The list is long, but here are the top 5 (IMO):
Communication is the most important (in my opinion)
General business acumen (or having a mentor)
Fantastic list! I agree with all of that, especially having a bit of business acumen and vocabulary to present an established profile. Let’s discuss knowledge area.
For folks who are just starting out post-grad school or right after their post-doc and don’t have any industry experience yet, how can one become a consultant in a specific therapeutic area?
Hmm. I’d say it depends on the specific position you are looking for.
The real key is—can you understand new therapeutic areas and industries quickly. If you cannot, then you absolutely need the background knowledge (ideally hands-on experience). You could probably get away with limited knowledge, but a better understanding really does translate into higher value communications because you can empathize with the audience more.
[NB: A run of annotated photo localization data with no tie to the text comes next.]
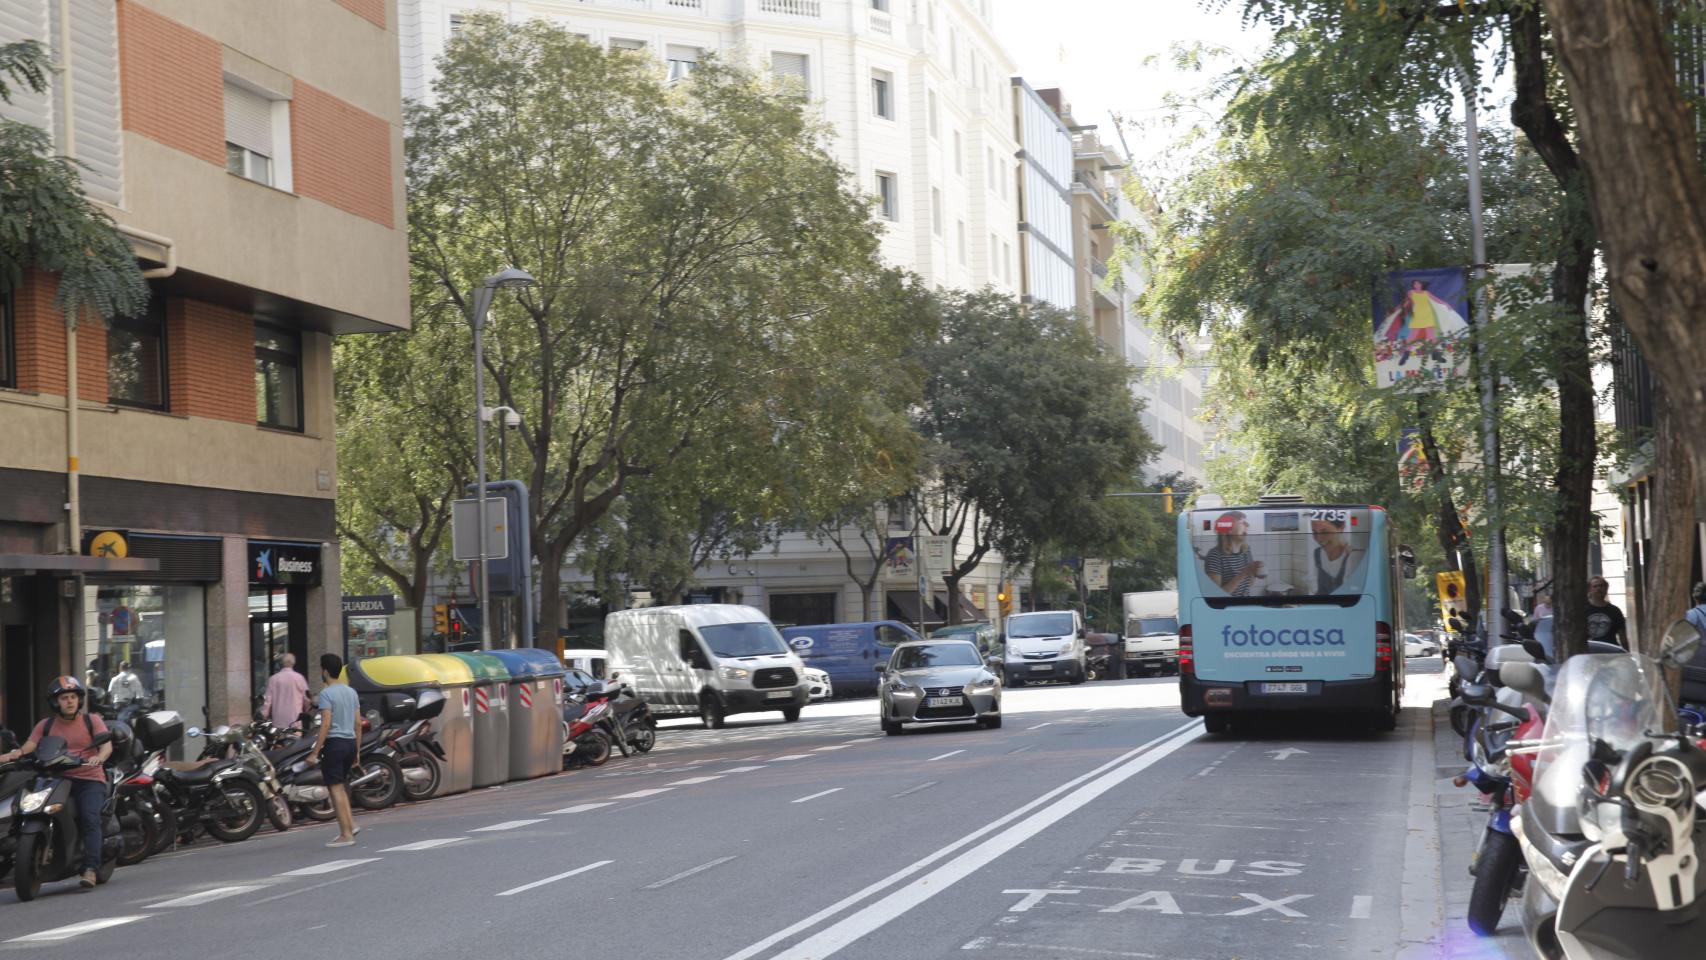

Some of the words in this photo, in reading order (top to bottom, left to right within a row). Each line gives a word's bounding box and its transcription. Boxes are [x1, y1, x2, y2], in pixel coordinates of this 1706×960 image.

[1310, 510, 1347, 522] 2735
[278, 557, 312, 572] Business
[1221, 624, 1346, 646] fotocasa
[1103, 858, 1305, 876] BUS
[1001, 889, 1373, 919] TAXI
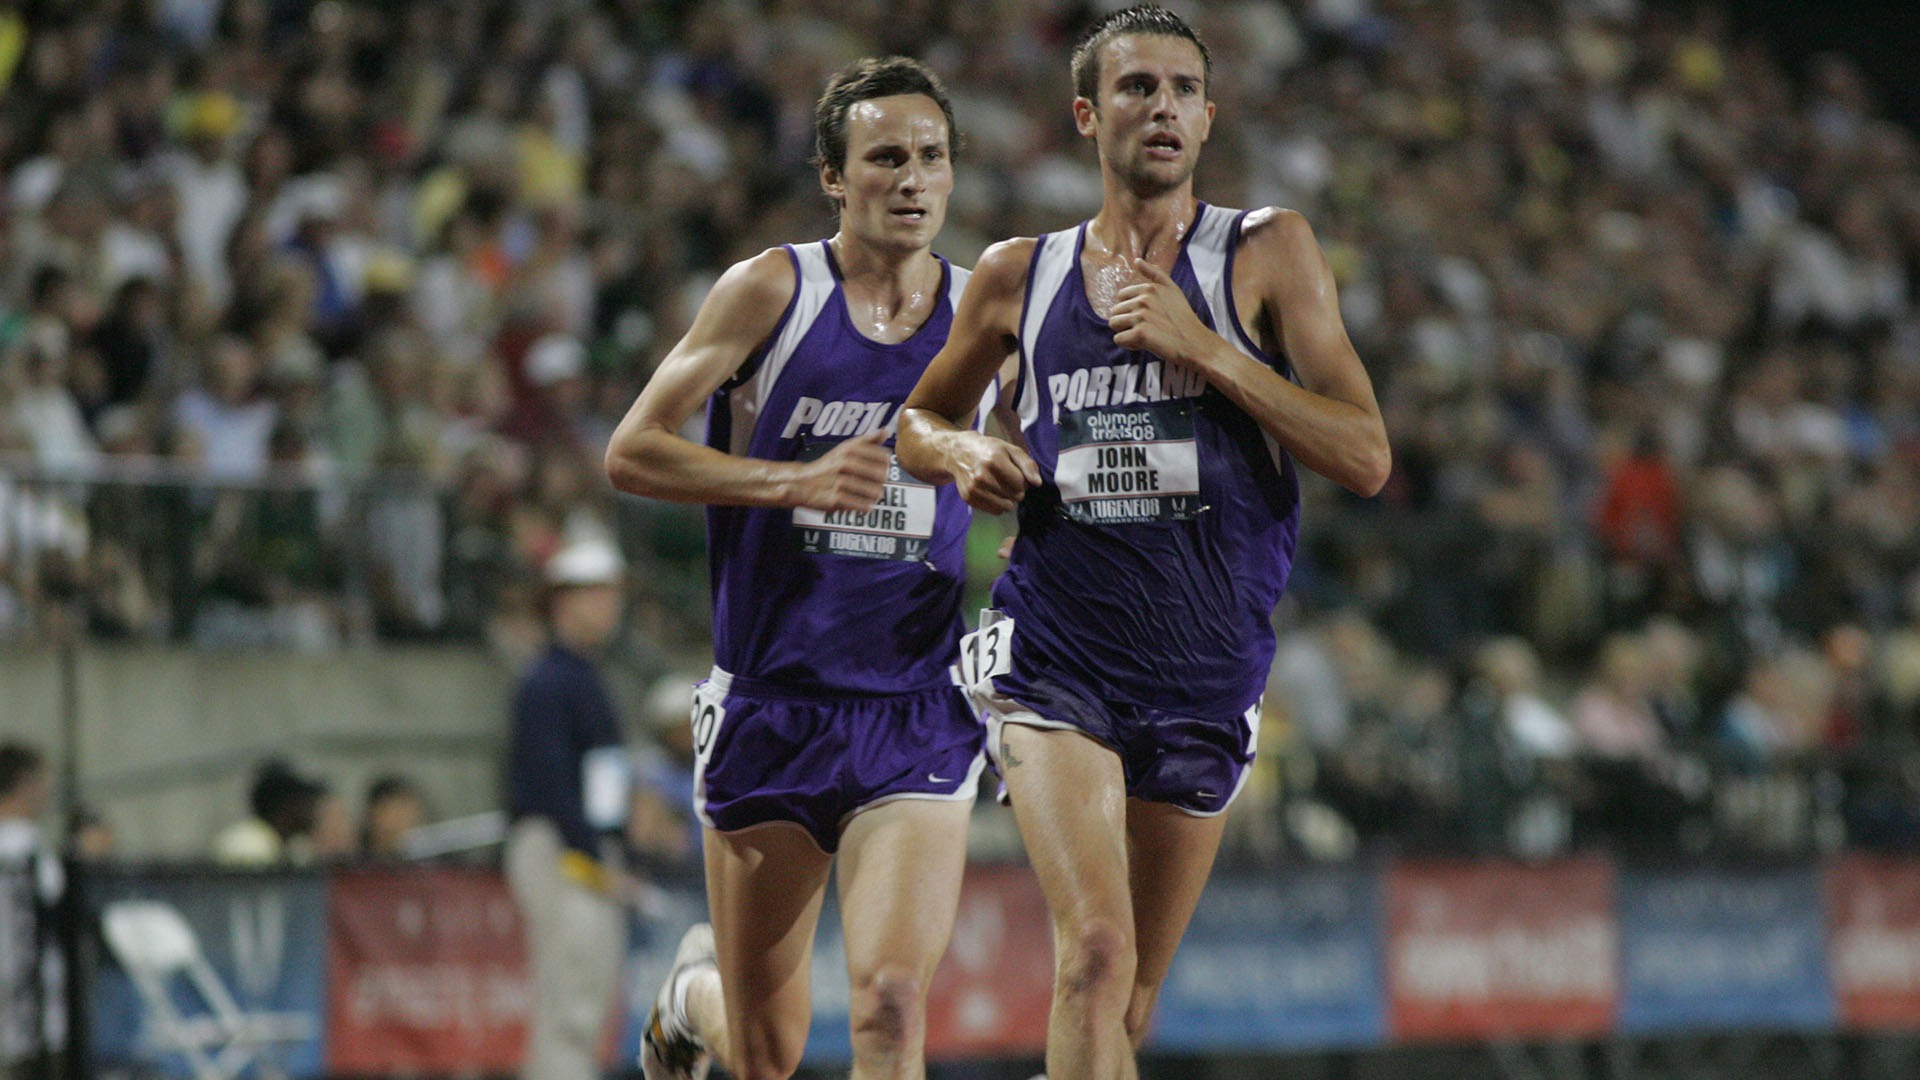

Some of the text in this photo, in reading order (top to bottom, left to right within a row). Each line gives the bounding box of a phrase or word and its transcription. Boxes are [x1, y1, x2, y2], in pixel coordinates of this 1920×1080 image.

[1048, 361, 1205, 424] PORTLAND
[1087, 408, 1150, 430] olympic
[1096, 446, 1147, 469] JOHN
[1087, 470, 1159, 493] MOORE
[1088, 498, 1160, 519] EUGENE08
[967, 627, 999, 684] 13
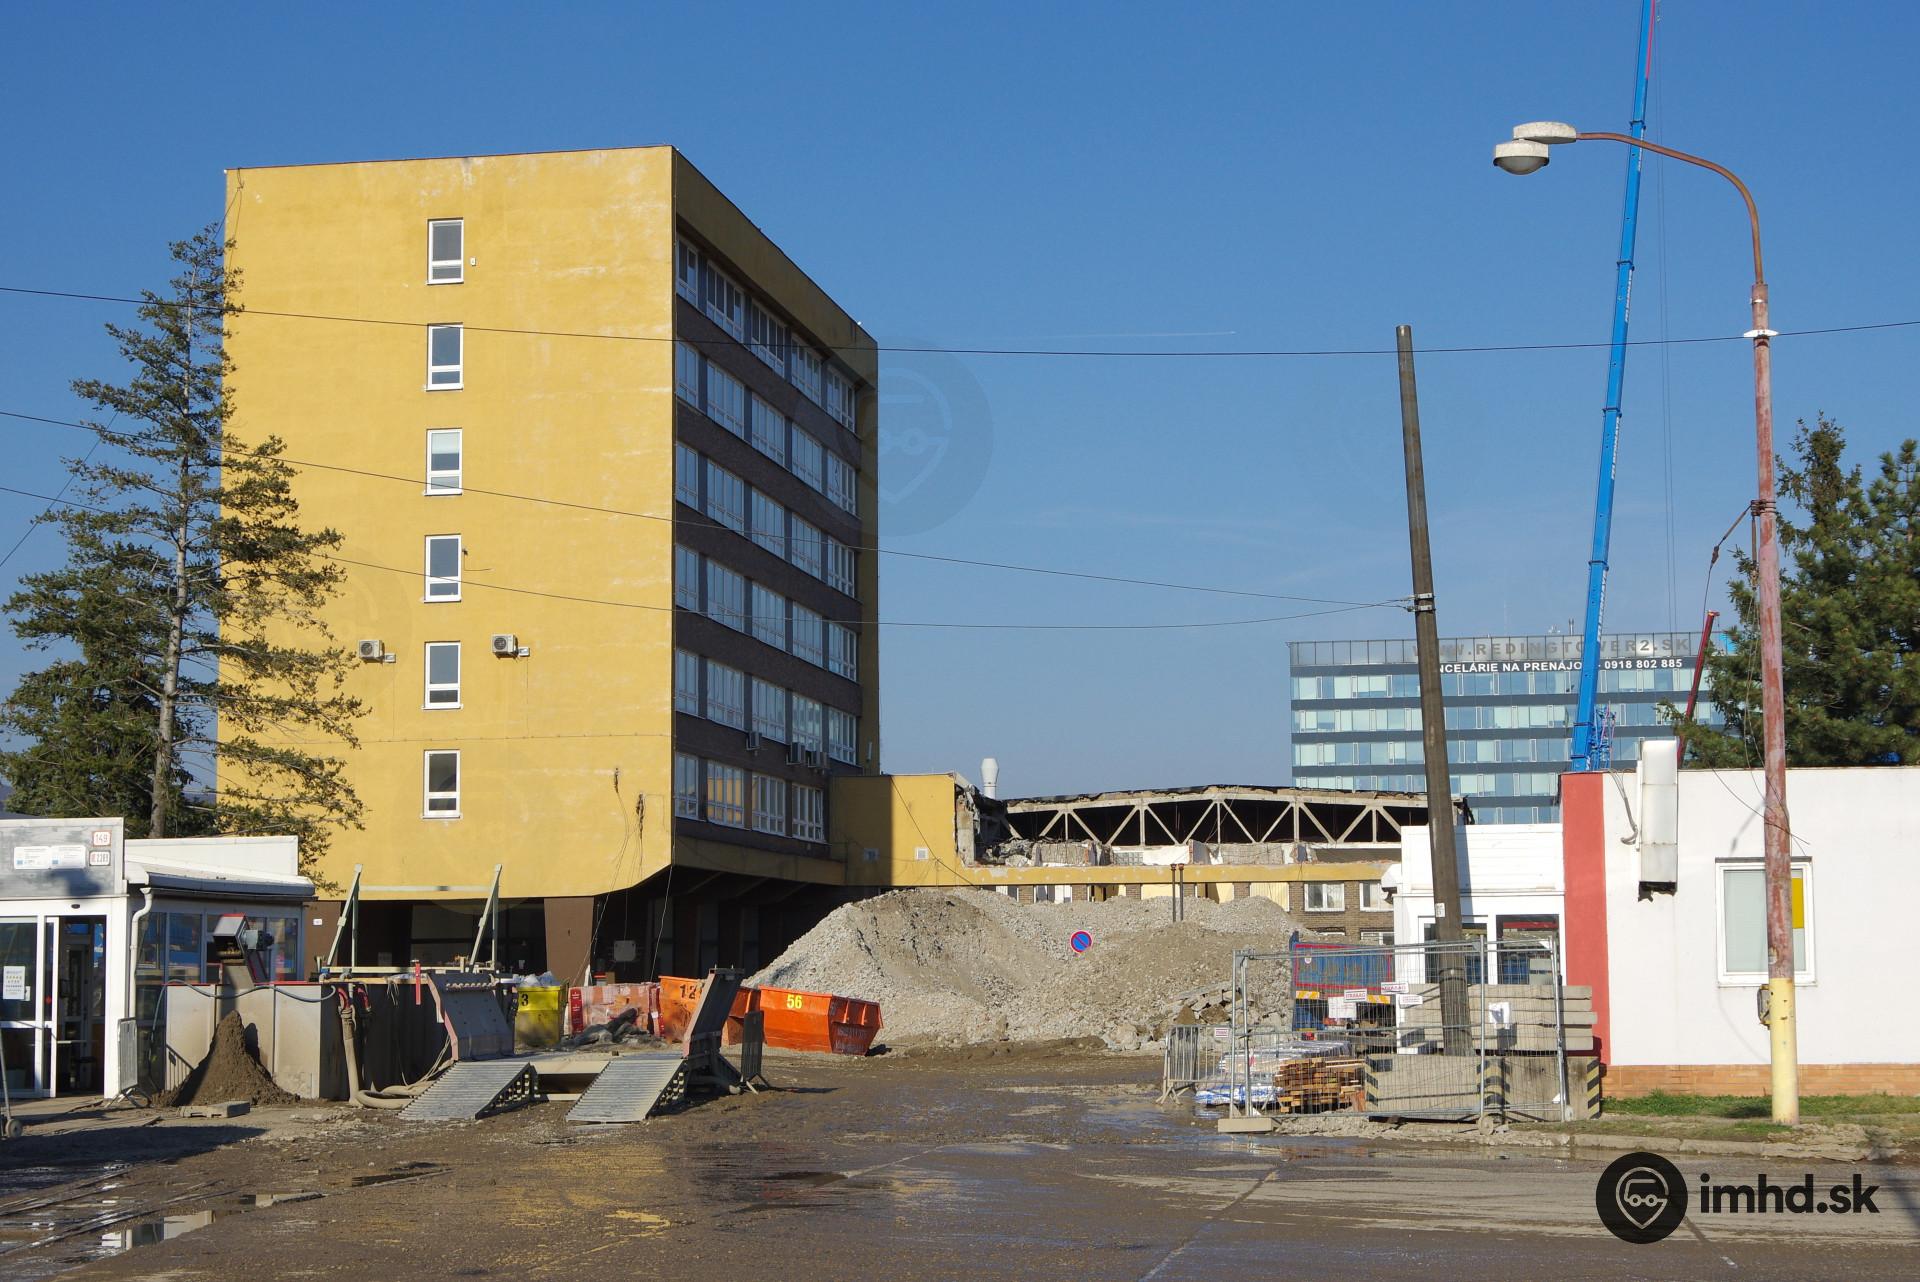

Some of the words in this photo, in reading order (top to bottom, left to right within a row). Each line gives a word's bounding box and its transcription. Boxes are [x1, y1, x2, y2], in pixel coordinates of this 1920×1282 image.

[1440, 661, 1498, 673] NCELÁRIE
[1502, 662, 1520, 672] NA
[1523, 660, 1582, 671] PRENÁJO
[1604, 660, 1632, 669] 0918
[1636, 659, 1657, 668] 802
[1661, 659, 1682, 668] 885
[521, 993, 529, 1006] 3
[786, 993, 802, 1009] 56
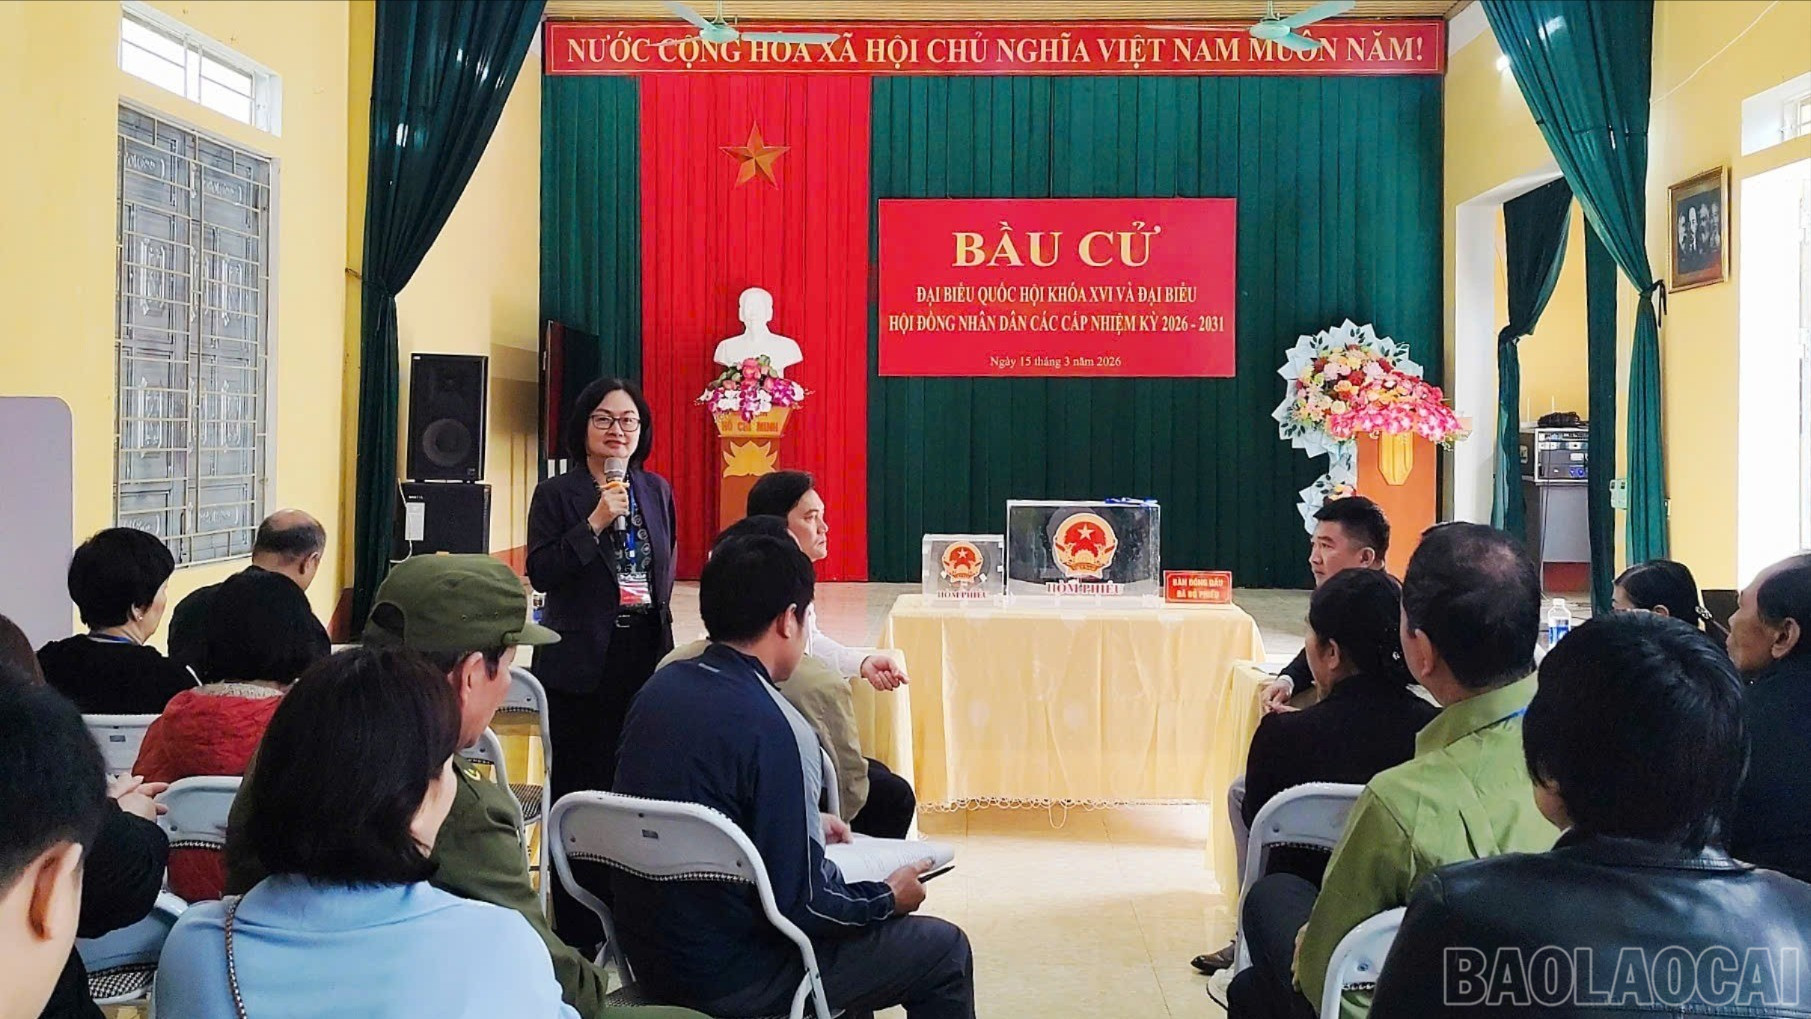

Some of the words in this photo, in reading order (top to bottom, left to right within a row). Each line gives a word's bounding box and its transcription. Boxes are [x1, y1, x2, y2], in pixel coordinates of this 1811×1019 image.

[567, 31, 651, 62] NƯỚC
[658, 34, 741, 69] CỘNG
[817, 32, 858, 62] XÃ
[865, 35, 919, 69] HỘI
[927, 31, 989, 62] CHỦ
[996, 32, 1091, 62] NGHĨA
[1096, 34, 1166, 69] VIỆT
[1172, 37, 1240, 62] NAM
[1345, 30, 1424, 62] NĂM!
[951, 221, 1064, 267] BẦU
[1078, 221, 1162, 267] CỬ
[916, 285, 940, 306] ĐẠI
[977, 281, 1017, 306] QUỐC
[1019, 283, 1045, 307] HỘI
[1048, 281, 1087, 303] KHÓA
[1089, 286, 1113, 303] XVI
[1116, 281, 1135, 303] VÀ
[1138, 286, 1162, 307] ĐẠI
[889, 312, 914, 335] HỘI
[916, 310, 956, 332] ĐỒNG
[958, 310, 997, 332] NHÂN
[999, 310, 1028, 332] DÂN
[1029, 310, 1059, 332] CÁC
[1061, 310, 1089, 332] CẤP
[1090, 312, 1136, 336] NHIỆM
[1139, 310, 1159, 332] KỲ
[1161, 315, 1188, 332] 2026
[1198, 315, 1224, 332] 2031
[990, 356, 1016, 369] Ngày
[1020, 356, 1032, 367] 15
[1034, 356, 1062, 369] tháng
[1064, 356, 1071, 367] 3
[1073, 356, 1094, 367] năm
[1096, 356, 1122, 367] 2026
A bonus would be an understanding of the day-to-day workflow and key pain points in that workflow.
Yes, being able to adapt and learn quickly are both skills STEM PhD’s already have! Are there any other tips or words of wisdom you want to provide to Strik3’s community?
For those who are specifically looking to follow a similar path that I took, stay resilient and goal-oriented. There are a lot of moving parts when you start your own business and it can take time to get a steady stream of projects and funds coming in, especially at the rate you probably want—don’t get defeated, get creative.
You aren’t going to be great at everything, so you’ll need to pick up and refine skills as you go, but if you are really delivering value, you will be successful.
Also - remember to stay humble. While you are formally trained in the sciences, you are not necessarily the expert compared to the clients you are serving. You are expected to be an expert in the service you provide (e.g., science communication) with an ability to really understand what your client does and what they need.